• [What the task asks]
Only the lines from the one containing "this 1333×1848 image." through the last line of the material should be returned, each exactly as it stands.

• [Provided information]
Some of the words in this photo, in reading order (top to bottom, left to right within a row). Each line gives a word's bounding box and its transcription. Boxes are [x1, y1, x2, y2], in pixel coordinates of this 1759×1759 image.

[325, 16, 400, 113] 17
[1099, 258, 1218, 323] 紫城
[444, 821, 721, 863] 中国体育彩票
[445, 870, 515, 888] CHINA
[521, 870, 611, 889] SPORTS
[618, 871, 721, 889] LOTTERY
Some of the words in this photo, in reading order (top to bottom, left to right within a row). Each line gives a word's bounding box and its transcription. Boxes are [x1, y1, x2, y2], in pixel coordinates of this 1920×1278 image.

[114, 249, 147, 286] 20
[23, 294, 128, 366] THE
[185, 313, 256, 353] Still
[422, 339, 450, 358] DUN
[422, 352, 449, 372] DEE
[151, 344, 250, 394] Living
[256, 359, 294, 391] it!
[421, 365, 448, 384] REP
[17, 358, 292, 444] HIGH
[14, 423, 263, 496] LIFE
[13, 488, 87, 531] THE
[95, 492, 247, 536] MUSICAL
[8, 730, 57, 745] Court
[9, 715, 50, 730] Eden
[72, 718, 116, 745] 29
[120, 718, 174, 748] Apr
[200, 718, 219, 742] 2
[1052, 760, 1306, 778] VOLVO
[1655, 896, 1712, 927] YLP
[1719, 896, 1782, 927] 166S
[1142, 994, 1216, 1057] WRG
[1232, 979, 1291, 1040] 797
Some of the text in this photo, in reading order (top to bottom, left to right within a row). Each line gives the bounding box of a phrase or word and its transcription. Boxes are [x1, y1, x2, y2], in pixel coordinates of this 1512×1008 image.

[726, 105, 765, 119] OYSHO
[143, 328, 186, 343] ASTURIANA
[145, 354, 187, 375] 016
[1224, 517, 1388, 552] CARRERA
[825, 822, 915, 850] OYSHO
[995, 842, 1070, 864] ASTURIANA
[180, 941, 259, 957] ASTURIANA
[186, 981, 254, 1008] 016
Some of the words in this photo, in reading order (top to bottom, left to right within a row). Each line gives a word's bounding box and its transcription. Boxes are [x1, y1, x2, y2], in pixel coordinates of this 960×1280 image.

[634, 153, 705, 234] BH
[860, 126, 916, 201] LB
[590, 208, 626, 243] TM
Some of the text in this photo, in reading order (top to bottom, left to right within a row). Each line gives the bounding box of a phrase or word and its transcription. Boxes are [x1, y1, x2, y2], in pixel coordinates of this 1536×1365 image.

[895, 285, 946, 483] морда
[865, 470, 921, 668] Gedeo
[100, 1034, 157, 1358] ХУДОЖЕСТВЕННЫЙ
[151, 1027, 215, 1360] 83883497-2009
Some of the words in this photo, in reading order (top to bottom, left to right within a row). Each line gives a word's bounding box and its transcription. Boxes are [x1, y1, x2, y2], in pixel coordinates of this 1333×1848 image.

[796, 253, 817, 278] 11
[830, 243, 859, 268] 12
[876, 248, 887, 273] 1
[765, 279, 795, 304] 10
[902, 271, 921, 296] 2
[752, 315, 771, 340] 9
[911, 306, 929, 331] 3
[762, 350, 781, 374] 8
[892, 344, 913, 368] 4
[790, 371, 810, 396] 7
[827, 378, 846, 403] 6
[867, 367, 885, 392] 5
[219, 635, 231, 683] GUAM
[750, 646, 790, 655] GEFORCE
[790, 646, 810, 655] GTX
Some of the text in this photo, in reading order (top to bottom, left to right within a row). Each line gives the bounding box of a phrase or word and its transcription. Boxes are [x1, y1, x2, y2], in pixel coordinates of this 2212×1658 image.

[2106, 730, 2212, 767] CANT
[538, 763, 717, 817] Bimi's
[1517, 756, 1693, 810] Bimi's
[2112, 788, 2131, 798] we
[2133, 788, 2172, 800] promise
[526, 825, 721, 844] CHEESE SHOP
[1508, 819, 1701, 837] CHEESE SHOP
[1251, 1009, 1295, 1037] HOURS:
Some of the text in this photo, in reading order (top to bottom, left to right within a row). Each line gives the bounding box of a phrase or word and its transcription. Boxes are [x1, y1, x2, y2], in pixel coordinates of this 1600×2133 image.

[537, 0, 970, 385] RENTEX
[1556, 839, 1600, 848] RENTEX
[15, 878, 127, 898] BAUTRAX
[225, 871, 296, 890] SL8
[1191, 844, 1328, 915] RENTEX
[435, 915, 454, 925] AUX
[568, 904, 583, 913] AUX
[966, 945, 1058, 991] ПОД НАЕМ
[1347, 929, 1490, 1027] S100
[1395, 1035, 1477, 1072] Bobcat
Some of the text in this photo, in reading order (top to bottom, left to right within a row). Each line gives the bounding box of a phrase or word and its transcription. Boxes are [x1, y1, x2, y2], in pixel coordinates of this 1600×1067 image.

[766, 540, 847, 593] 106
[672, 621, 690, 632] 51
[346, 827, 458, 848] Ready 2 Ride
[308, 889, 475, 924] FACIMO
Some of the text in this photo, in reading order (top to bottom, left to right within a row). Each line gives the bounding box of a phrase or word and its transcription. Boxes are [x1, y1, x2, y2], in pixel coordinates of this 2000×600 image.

• [Solution to the problem]
Some of the words in this photo, in reading order (top to bottom, left to right within a row). Each line gives a word's bounding box and its transcription. Boxes are [x1, y1, x2, y2], in pixel coordinates of this 1333×1848 image.

[796, 253, 817, 278] 11
[830, 243, 859, 268] 12
[876, 248, 887, 273] 1
[765, 279, 795, 304] 10
[902, 271, 921, 296] 2
[752, 315, 771, 340] 9
[911, 306, 929, 331] 3
[762, 350, 781, 374] 8
[892, 344, 913, 368] 4
[790, 371, 810, 396] 7
[827, 378, 846, 403] 6
[867, 367, 885, 392] 5
[219, 635, 231, 683] GUAM
[750, 646, 790, 655] GEFORCE
[790, 646, 810, 655] GTX
Some of the text in this photo, in reading order (top to bottom, left to right within a row). Each line gives the bounding box of a phrase or word and its transcription. Boxes are [x1, y1, x2, y2], in pixel coordinates of this 2212×1658 image.

[2106, 730, 2212, 767] CANT
[538, 763, 717, 817] Bimi's
[1517, 756, 1693, 810] Bimi's
[2112, 788, 2131, 798] we
[2133, 788, 2172, 800] promise
[526, 825, 721, 844] CHEESE SHOP
[1508, 819, 1701, 837] CHEESE SHOP
[1251, 1009, 1295, 1037] HOURS:
Some of the text in this photo, in reading order (top to bottom, left to right within a row). Each line gives the bounding box of a phrase or word and its transcription. Boxes are [x1, y1, x2, y2], in pixel coordinates of this 1600×2133 image.

[537, 0, 970, 385] RENTEX
[1556, 839, 1600, 848] RENTEX
[15, 878, 127, 898] BAUTRAX
[225, 871, 296, 890] SL8
[1191, 844, 1328, 915] RENTEX
[435, 915, 454, 925] AUX
[568, 904, 583, 913] AUX
[966, 945, 1058, 991] ПОД НАЕМ
[1347, 929, 1490, 1027] S100
[1395, 1035, 1477, 1072] Bobcat
Some of the text in this photo, in reading order (top to bottom, left to right within a row). Each line gives the bounding box of a phrase or word and its transcription. Boxes are [x1, y1, x2, y2], in pixel coordinates of this 1600×1067 image.

[766, 540, 847, 593] 106
[672, 621, 690, 632] 51
[346, 827, 458, 848] Ready 2 Ride
[308, 889, 475, 924] FACIMO
Some of the text in this photo, in reading order (top to bottom, left to right within a row). Each line gives the bounding box of a phrase or word and its transcription. Boxes are [x1, y1, x2, y2], in pixel coordinates of this 2000×600 image.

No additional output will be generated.